Making it her life’s work to raise awareness about the underlying dangers of social media, author, Annemarie Berukoff shares her insights into how young women can break free from the chains that bind them on social media.

About the Author

Annemarie Berukoff, author of Teen Girl Faces Time in the Sand, was an educator for 24 years, currently retired, with a deep appreciation of the process of learning and educating; from pointing out the primary importance of perception to critical thinking to making big picture decisions about today’s unprecedented choices and challenges in the Digital Age.
From the vantage point of 70 years, she can’t close her eyes and pretend she can’t see what’s happening. Our biology hasn’t changed but our society and minds are invaded by such inordinate changes. She must ask how she can help others to believe in the kind of world where responsibility is important in a moral, ethical and social society. Her timeline leaves a legacy to protect self-identity in mass media and respect Nature’s rights.
She understands that the one constant for coping with change is to stay resilient and look for innovative solutions with new perceptions and different ways of thinking. Our society, families and planet depend on this focus on what unifies us and matters more than less.
She was born on a pioneer homestead where the value of hard work and rewards were ingrained. She now walks in an online virtual cyberspace both in amazement and fear of unprecedented opportunities to follow one’s passions, hopefully with wisdom and respect for our normal social rites of passage. However, when cultural values are under assault and co-existence with our environment is threatened, then timely education becomes an essential voice as she continues to share new earning objectives, lesson plans and evaluation which are mandatory in coping with such turbulent changes.
She lives in beautiful British Columbia, Canada, and enjoys family, friends and a small community lifestyle. She’s a cancer survivor and knows there is hope after fury. An internet marketer, blogger, researcher, naturalist and artist with many interests, Annemarie recently wrote two e-books for teenagers about social and environmental changes with definite solutions.
Facebook: https://www.facebook.com/Helpful-Mind-Stream-for-Changes-366385050641568/
LinkedIn: https://www.linkedin.com/in/3steps/
Twitter: https://twitter.com/annemarie3steps
You Tube https://youtube.com/healthyprofits
https://www.helpfulmindstreamforchanges.com

About the eBook

Who will advocate for teen girls and protect them from internet exploitation when technology has changed so much and their underdeveloped brains are overdeveloping adult mindsets? We know the internet has hugely changed our culture in terms of our jobs, our families, social relationships, lifestyles, goals and world views. Along the way, young teenage girls with their cell phones and Selfies have openly participated in assuming adult roles as portrayed in the Social Media Circus often without any training and different negative results.

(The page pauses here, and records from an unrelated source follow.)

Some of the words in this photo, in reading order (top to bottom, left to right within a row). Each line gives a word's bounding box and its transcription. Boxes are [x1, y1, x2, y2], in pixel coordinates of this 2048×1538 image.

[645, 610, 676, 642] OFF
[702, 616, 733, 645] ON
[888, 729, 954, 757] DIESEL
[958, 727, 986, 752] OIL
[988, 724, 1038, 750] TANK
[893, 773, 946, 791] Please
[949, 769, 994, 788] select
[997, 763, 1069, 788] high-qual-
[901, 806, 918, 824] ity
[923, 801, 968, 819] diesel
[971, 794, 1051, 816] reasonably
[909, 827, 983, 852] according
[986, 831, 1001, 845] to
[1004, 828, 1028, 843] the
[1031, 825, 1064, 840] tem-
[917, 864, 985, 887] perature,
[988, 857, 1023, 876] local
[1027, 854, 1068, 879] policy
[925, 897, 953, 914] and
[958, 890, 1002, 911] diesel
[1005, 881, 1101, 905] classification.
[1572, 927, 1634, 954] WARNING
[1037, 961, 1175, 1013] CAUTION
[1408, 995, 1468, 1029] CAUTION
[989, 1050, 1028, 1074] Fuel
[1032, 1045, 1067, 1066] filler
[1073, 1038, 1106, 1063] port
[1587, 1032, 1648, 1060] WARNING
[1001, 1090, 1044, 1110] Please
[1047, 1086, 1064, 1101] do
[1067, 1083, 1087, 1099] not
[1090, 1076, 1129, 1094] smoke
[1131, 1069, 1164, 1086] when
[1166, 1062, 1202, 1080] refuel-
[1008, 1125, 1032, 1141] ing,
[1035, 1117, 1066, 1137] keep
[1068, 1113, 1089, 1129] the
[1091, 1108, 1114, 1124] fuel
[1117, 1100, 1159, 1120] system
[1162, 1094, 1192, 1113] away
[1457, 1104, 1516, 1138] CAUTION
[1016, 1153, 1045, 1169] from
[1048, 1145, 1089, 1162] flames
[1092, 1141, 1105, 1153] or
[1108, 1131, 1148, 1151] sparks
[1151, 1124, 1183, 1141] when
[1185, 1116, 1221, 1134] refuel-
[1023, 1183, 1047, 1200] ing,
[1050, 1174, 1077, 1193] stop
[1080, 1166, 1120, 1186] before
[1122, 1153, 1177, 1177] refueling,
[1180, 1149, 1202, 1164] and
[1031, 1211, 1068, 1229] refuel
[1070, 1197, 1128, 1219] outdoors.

Growing up is difficult enough with maturation as young adults without diverting their normal social rites to manage, or fail, in meeting objective standards of physical appearance or status expectations. New symbols are used to represent the complexity of Social Media, the developing rash and brash teen brain, and elements of time they can hold in their hands as their responsibility.

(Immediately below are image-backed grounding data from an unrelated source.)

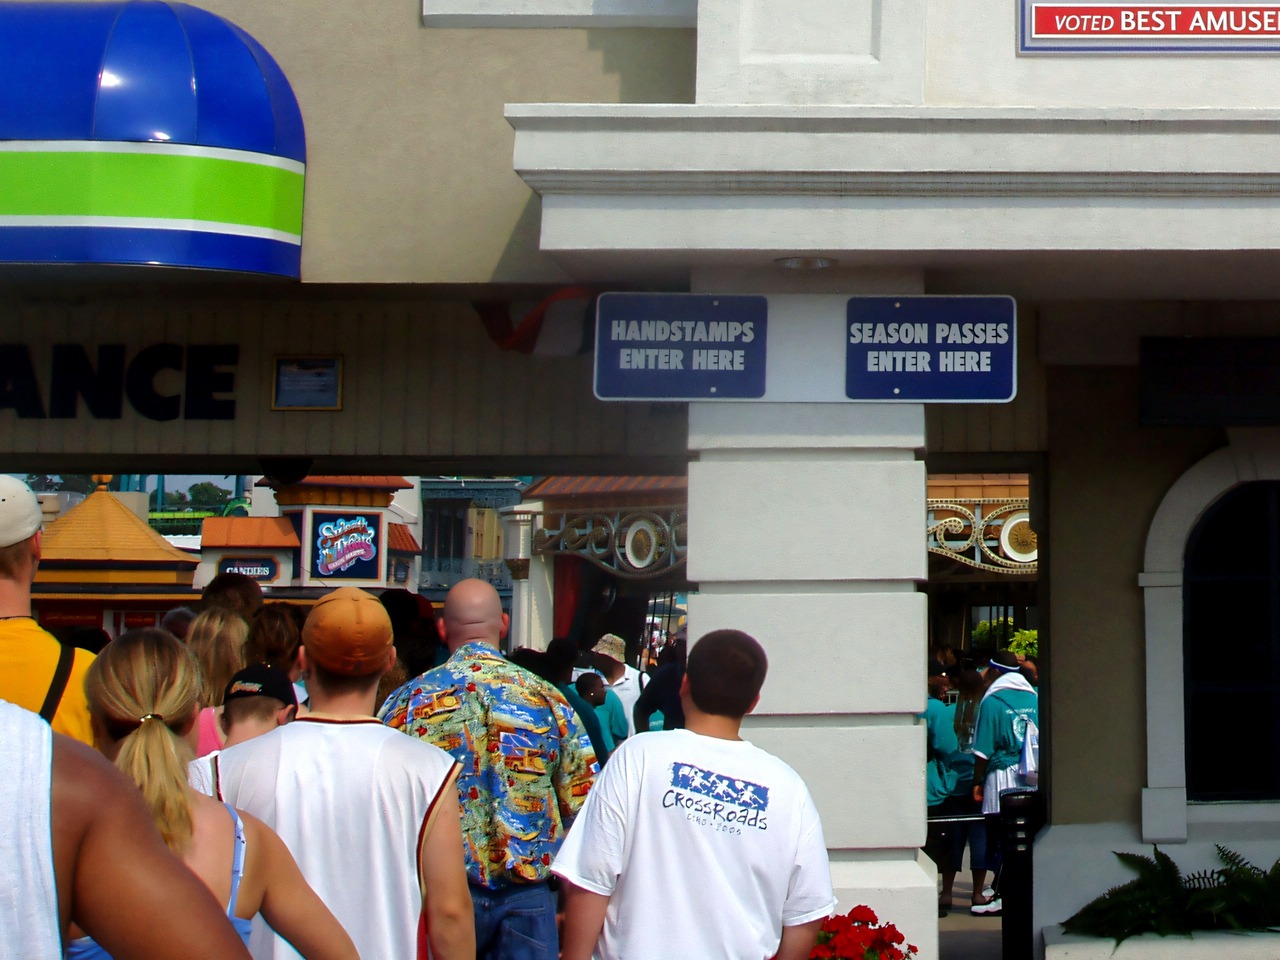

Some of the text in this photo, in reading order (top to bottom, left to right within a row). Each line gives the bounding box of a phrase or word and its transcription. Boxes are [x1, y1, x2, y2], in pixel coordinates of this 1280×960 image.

[1055, 14, 1114, 31] VOTED
[1121, 10, 1181, 31] BEST
[611, 320, 755, 343] HANDSTAMPS
[849, 323, 1009, 345] SEASON PASSES
[619, 349, 745, 371] ENTER HERE
[867, 351, 991, 372] ENTER HERE
[226, 566, 270, 576] CANDIES

Two Questions: Is there a way to show teenage girls that their adolescent brains may have been hacked causing problems and regrets with Selfie addiction, with a discussion about the importance of respecting their timelines?

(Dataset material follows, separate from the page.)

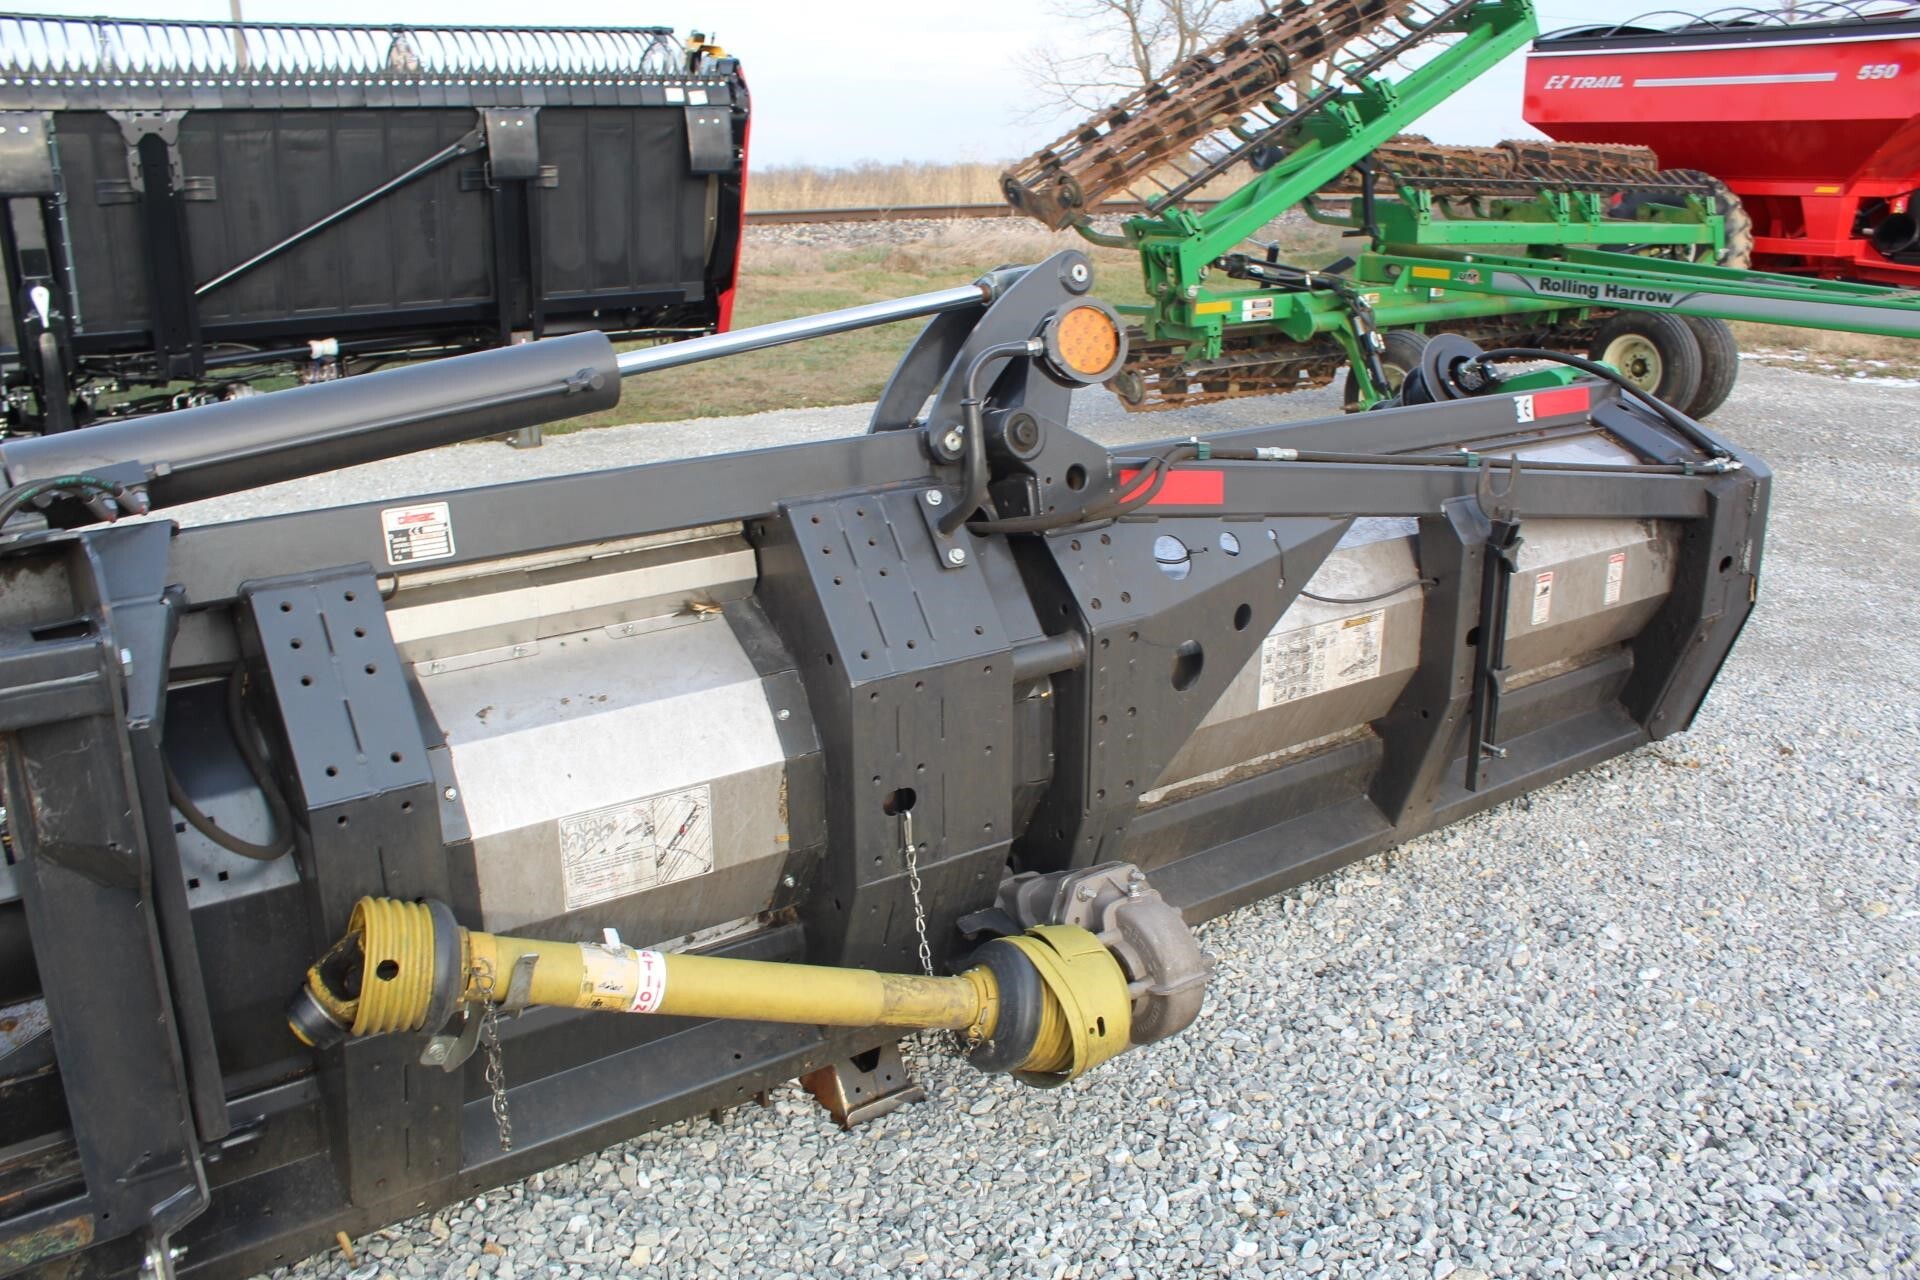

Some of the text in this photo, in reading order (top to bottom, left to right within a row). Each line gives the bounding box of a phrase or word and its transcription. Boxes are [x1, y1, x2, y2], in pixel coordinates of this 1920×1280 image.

[1856, 64, 1900, 80] 550
[1570, 75, 1624, 89] TRAIL
[1540, 277, 1673, 303] Rolling Harrow

What if, teen girls can begin to value different ways to protect their personal offline time as important, or more important, than Selfie screen time as a timely antidote to this social conditioning?
Answer: A new e-book called A Teen Girl Faces Time in the Sand is A Timely Tale of Social Media Struggles, Regrets and Survival with a Superpower Tool. The key question is asked in chapter one, “What if, you had the power to see the future and how your actions today may affect it? Would you make the same choices today?”
And so, this story is told of a young adolescent girl’s struggles in a hyper media environment, the realization of her rash and brash brain, her descent into drug addiction, her nightmares of media control, and her gradual awareness of the transient TIME measured not by numbers, counting hours or days, but with blocks and circles of experience as first drawn in the sand and explained by her Grannie. Most importantly, she learns the power of making a smart choice.